Middle class consumers are choosing the convenience of minimarkets for grocery shopping over their larger rivals. Their decision is reshaping the $42 billion sector and causing some of the losers to eye global partnerships.
“I rarely go to supermarkets or hypermarkets now, perhaps once every few months,” said Vivi Itovia, a 26-year-old front desk clerk at the Kempinski Hotel.
“I get all my needs from minimarkets or 7-Eleven, which has become a must-go place for young people,” she said in a view echoed by other consumers.
The number of supermarkets fell by 17 percent in 2011 to 1,229 stores from 1,477 stores in 2008, according to the Indonesia retail employers association, Aprindo.
By contrast, the number of minimarkets jumped 63 percent to 16,720 last year from 10,289 in 2008, according to Aprindo data.
It wasn’t supposed to be that way.
Annual economic growth above 6 percent since 2010 means Indonesia’s middle class has more money to spend on retail.
Supermarkets, hypermarkets and shopping malls abound, and in Jakarta, there are minimarkets in almost every neighborhood.
Consumer growth has led global retail giants such as France’s Carrefour to compete against local rivals Ramayana Lestari Sentosa and Lippo Group’s Matahari Putra Prima for market share.

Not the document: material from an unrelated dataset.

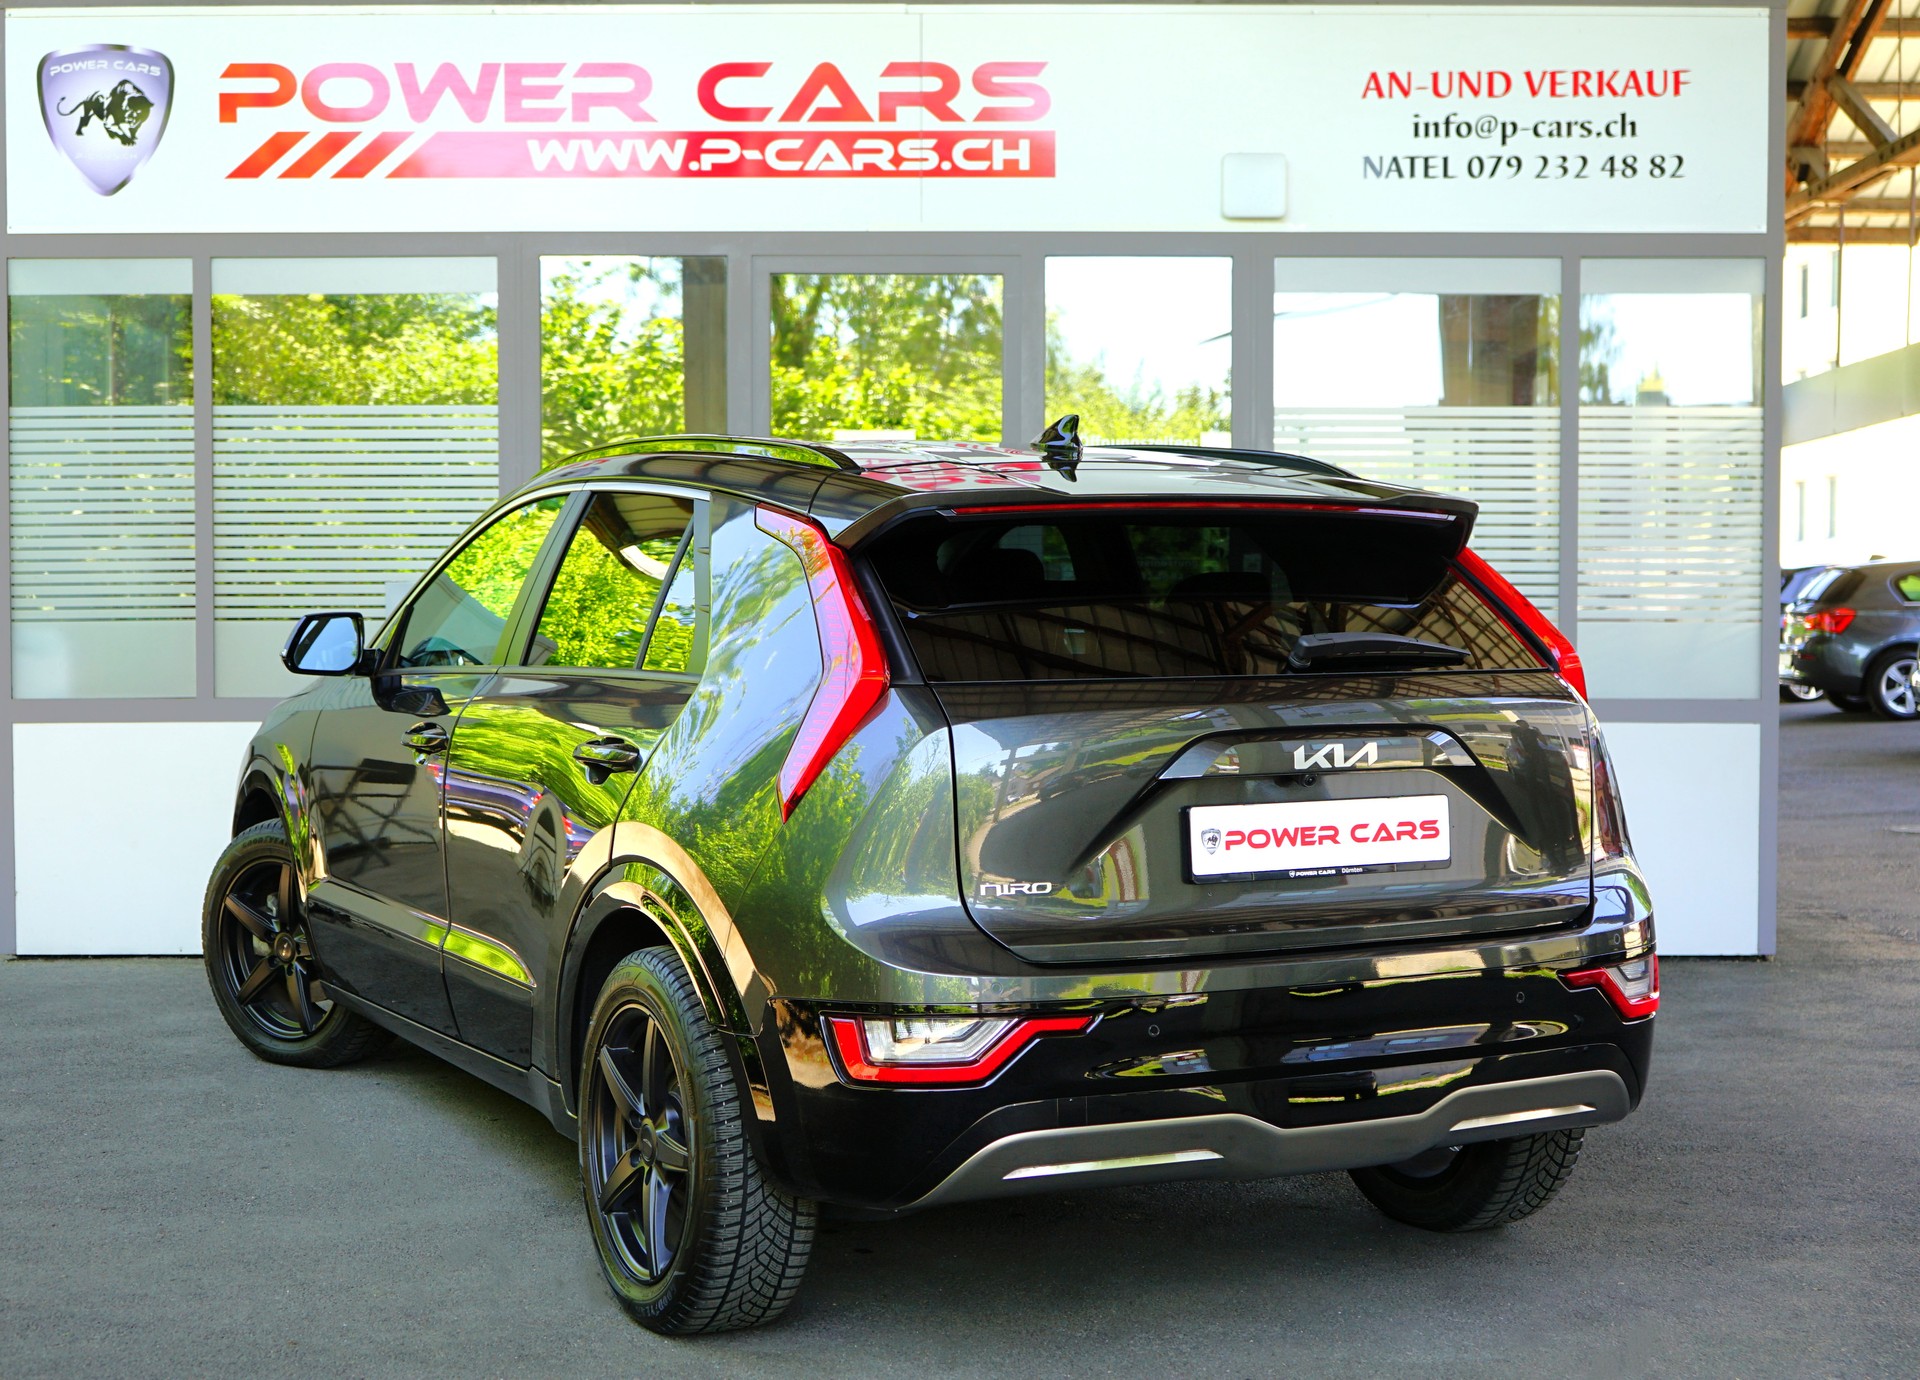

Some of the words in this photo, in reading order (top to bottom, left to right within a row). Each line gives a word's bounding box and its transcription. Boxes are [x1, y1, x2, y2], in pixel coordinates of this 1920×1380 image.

But instead of a win-win environment for the sector, a battle with clear winners and losers has emerged.
“Our supermarkets are a money-losing business,” said Setyadi Surya, a director at retailer Ramayana. “Our worst enemy is the minimarket. We are under siege in the Greater Jakarta area and in Surabaya. Some of their products are even cheaper than ours.”
Size and supply chain factors explain the rise of minimarkets. Outlets range from 150 to 400 square meters, smaller and cheaper than supermarkets, which average 1,000 square meters.
Distribution to the archipelago is an expensive part of any business and minimarkets have mastered logistics better than larger stores by supplying small quantities of products to 200-400 outlets from a central warehouse, said Aprindo Vice Chairman Tutum Rahanta.
“The future for Indonesian retailers is the minimarket because we live in an island nation. It’s a story of how the small slowly eat up the big players’ cake because they rapidly grow in local communities,” he said.
In Jakarta, 7-Eleven stores have also become something of a gathering spot for young people. Companies set to benefit from the trend include Indomaret, Sumber Alfaria Trijaya, which is controlled by entrepreneur Djoko Susanto with the Alfamart brand, and Modern International, which owns the 7-Eleven franchise.
Supermarket players said they were disadvantaged by the change in consumer behavior and struggled to build distribution centers. Several now want global partners, said local investment bankers who advise on retail sector mergers and acquisitions.
“It’s all about timing to find a global partner for our business,” said Benjamin Mailool, CEO of Lippo Group’s Matahari Putra Prima, which owns Hypermart.
Wal-Mart of the United States, France’s Casino and South Korea’s Lotte Shopping have been looking at Hypermart since 2010, but disagreement over the value has slowed a stake sale, sources said.
Former market leader Hero Supermarket has teamed up with Sweden’s IKEA to open a store by 2014 to make up for its own slow ing supermarket growth.